TPO or Tree Preservation Order – what is it?
A TPO or Tree Preservation Order to give it the full name is an order to protect one or more trees. Okay, you had probably figure that bit out! Essentially the order prohibits the cutting down, topping, lopping, uprooting, wilful damage or wilful destruction of trees without the local planning authority’s written consent. If consent is given, it can be subject to conditions which have to be followed. In the Secretary of State’s view, cutting roots is also a prohibited activity and requires the authority’s consent. However bushes, shrubs and hedges are not normally protected by TPOs. See our page on trees with regards to trees not protected by a TPO.

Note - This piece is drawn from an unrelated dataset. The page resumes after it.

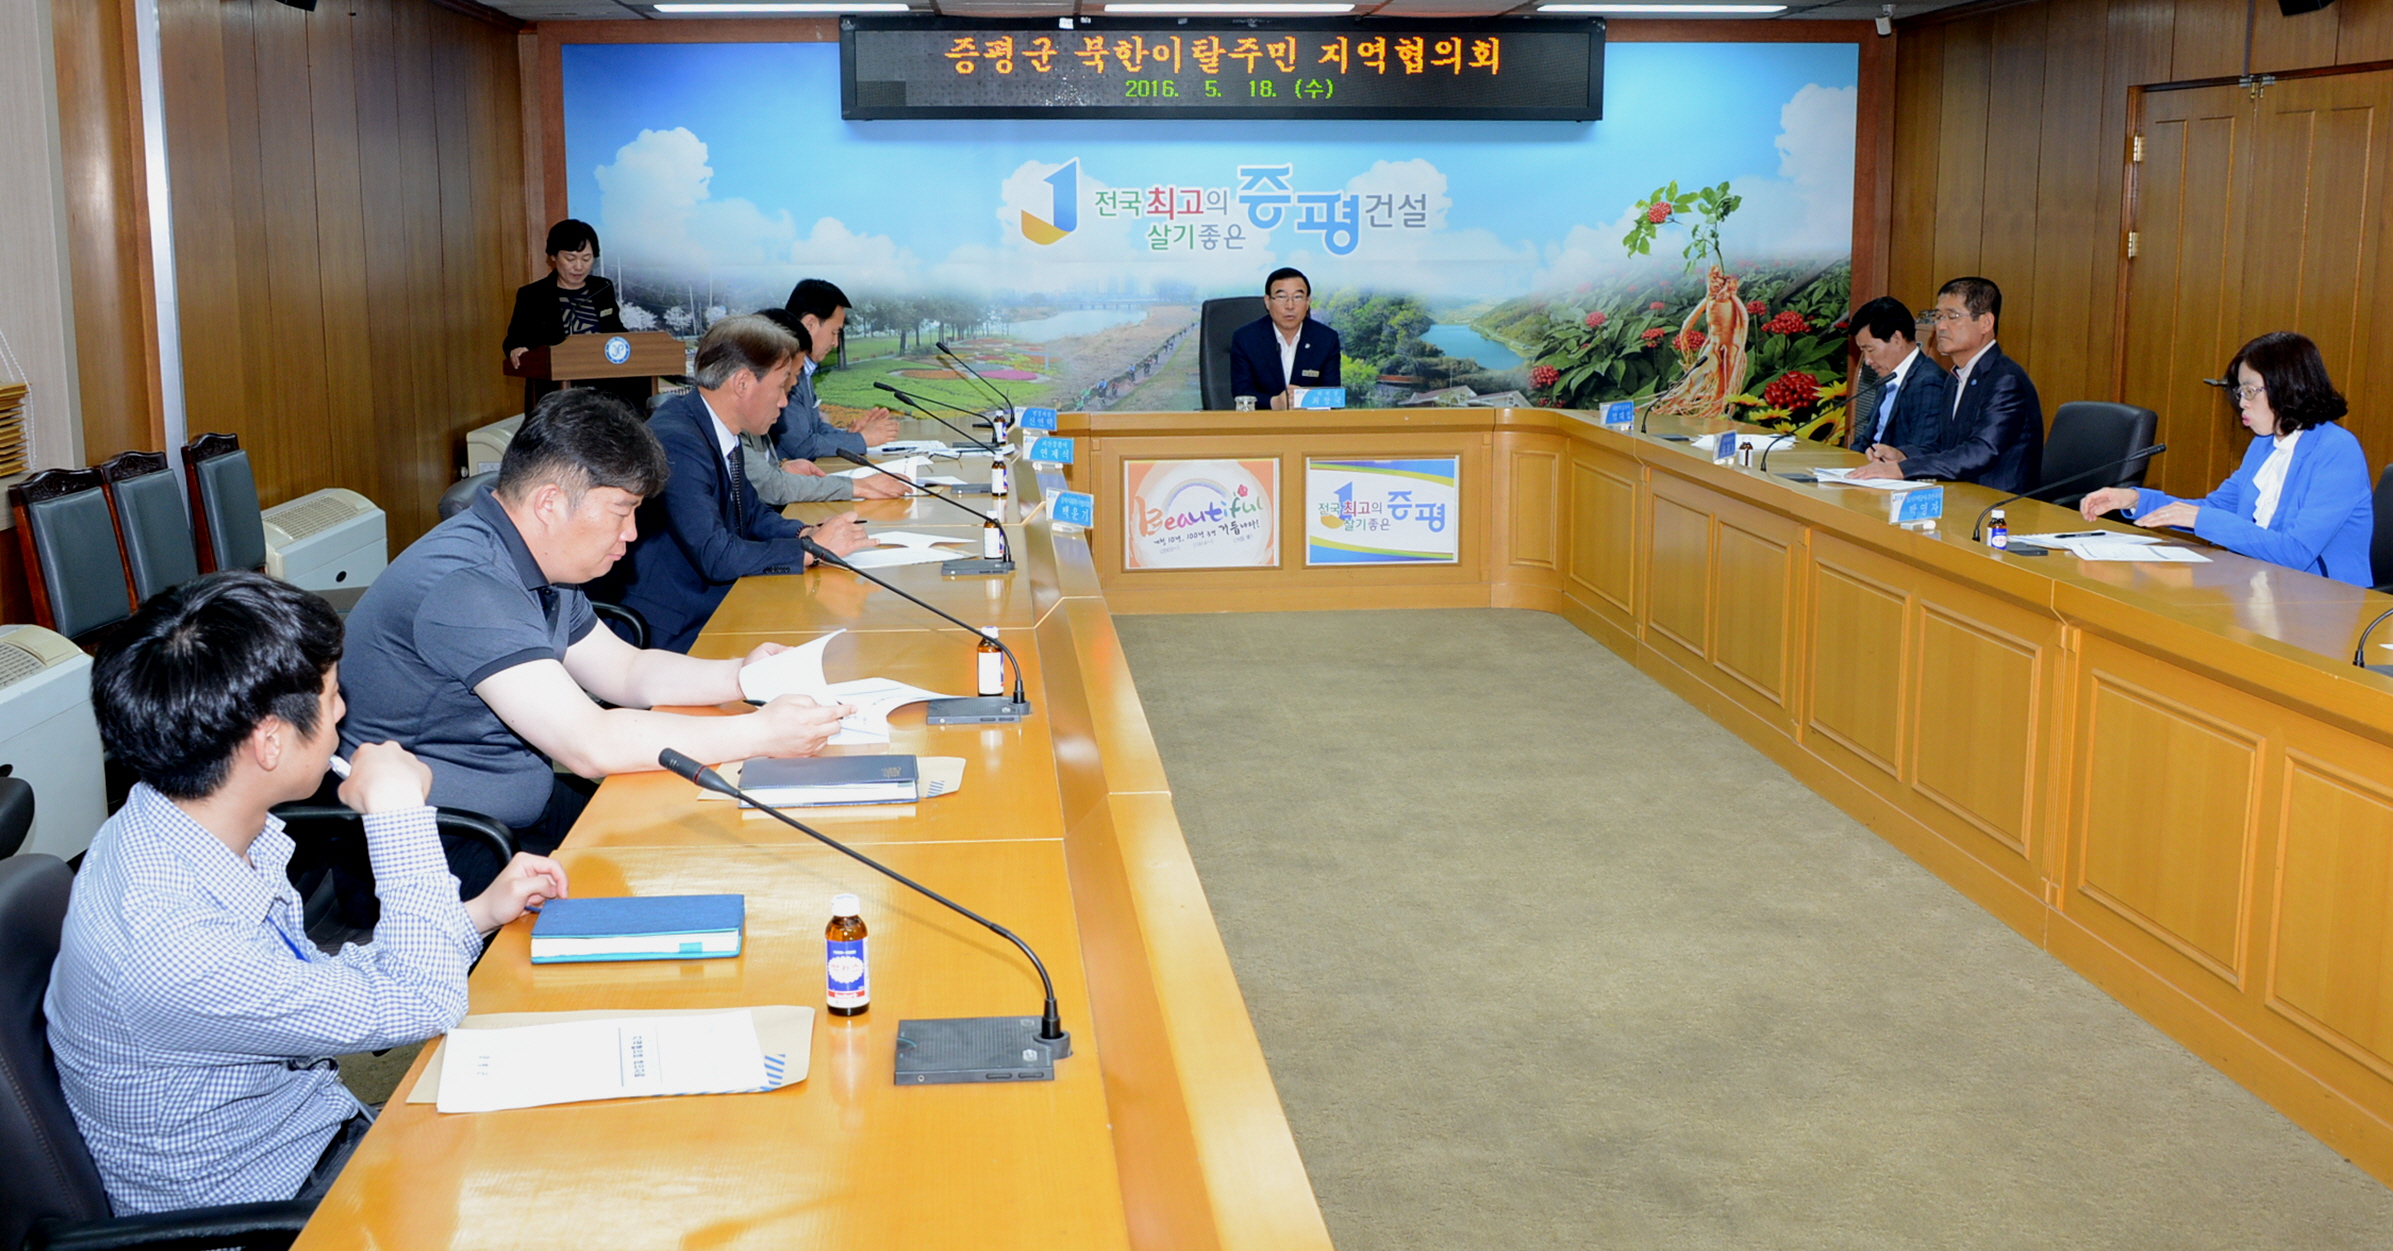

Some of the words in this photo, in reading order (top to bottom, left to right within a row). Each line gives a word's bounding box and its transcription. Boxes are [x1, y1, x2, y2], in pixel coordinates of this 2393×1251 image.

Not all trees are protected, and, despite ‘urban myths’ to the contrary no particular species or size of tree are protected. Any tree is eligible for protection, regardless of age, species or size. But no trees are automatically protected. There are three normal ways in which a tree or woodland might have some been given some sort of legal protection:
- A Tree Preservation Order (TPO) has been made at some time to cover that tree;
- A planning condition has been made at some time to cover that tree;
- The tree is within a conservation area (in fact, this one is not strictly protection but merely requires that the owner gives notice to the council of their intention to do works).
Always check to see if your land or property has a TPO on it or on a neighbouring site before starting any works. Contact your local authority who can assist. Many have registers available online.
There are four types of TPO, although any one Order can contain any number of items which can be of one or more types. The types are as follows:
- Individual: can be applied to an individual tree.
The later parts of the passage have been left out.